- _Task item_: Reproduce the records word for word, leaving out any pictures they hold.
-.-.-
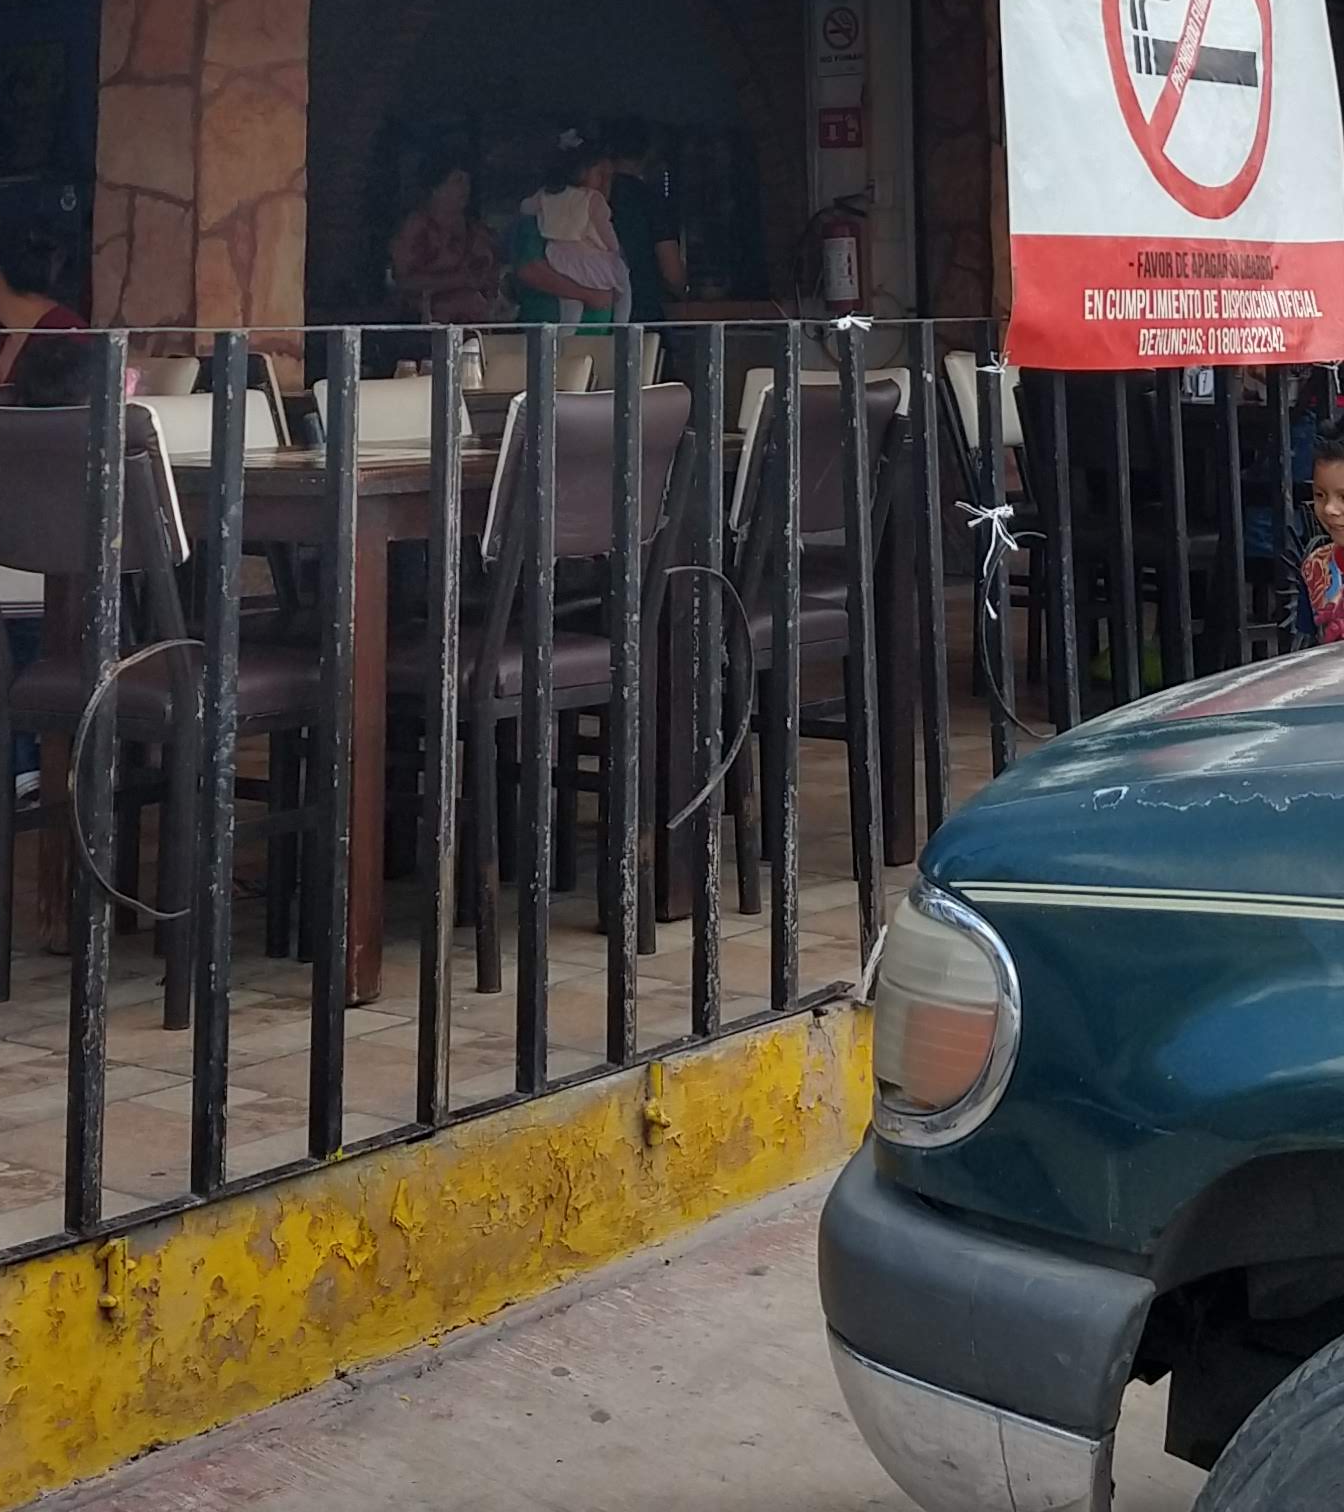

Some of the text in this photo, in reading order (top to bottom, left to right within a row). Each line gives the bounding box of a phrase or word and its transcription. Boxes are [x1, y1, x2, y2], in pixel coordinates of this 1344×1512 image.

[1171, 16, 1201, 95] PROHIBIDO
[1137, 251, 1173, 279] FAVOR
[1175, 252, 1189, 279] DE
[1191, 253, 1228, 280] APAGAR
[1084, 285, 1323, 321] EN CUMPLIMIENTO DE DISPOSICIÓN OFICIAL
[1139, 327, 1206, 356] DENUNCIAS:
-.-.-
- _Reply to the exercise_:
Some of the text in this photo, in reading order (top to bottom, left to right within a row). Each line gives the bounding box of a phrase or word and its transcription. Boxes are [x1, y1, x2, y2], in pixel coordinates of this 1344×1512 image.

[1171, 16, 1201, 95] PROHIBIDO
[1137, 251, 1173, 279] FAVOR
[1175, 252, 1189, 279] DE
[1191, 253, 1228, 280] APAGAR
[1084, 285, 1323, 321] EN CUMPLIMIENTO DE DISPOSICIÓN OFICIAL
[1139, 327, 1206, 356] DENUNCIAS:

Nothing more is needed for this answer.